*ASSIGNMENT*.
Reproduce the entries in full. Exclude all images from the copy.

Dataset entries

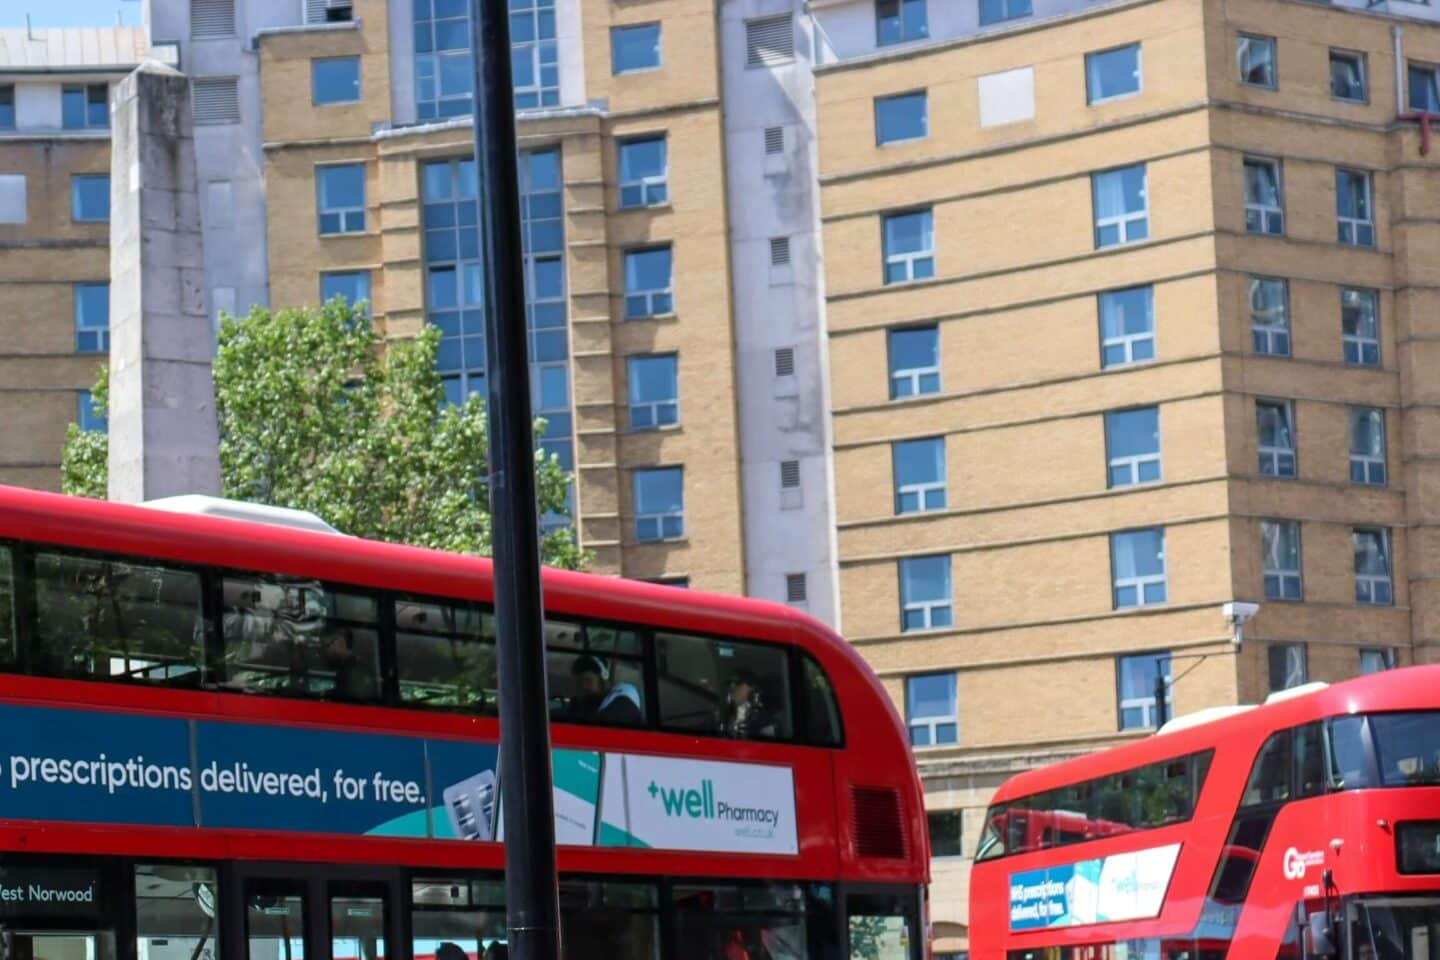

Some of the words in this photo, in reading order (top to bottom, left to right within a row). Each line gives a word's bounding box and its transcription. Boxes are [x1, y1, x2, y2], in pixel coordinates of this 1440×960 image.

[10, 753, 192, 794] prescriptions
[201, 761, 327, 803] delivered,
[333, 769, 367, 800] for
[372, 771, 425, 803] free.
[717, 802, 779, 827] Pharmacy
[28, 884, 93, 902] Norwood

*RESULT OF THIS TASK*.
Some of the words in this photo, in reading order (top to bottom, left to right within a row). Each line gives a word's bounding box and its transcription. Boxes are [x1, y1, x2, y2], in pixel coordinates of this 1440×960 image.

[10, 753, 192, 794] prescriptions
[201, 761, 327, 803] delivered,
[333, 769, 367, 800] for
[372, 771, 425, 803] free.
[717, 802, 779, 827] Pharmacy
[28, 884, 93, 902] Norwood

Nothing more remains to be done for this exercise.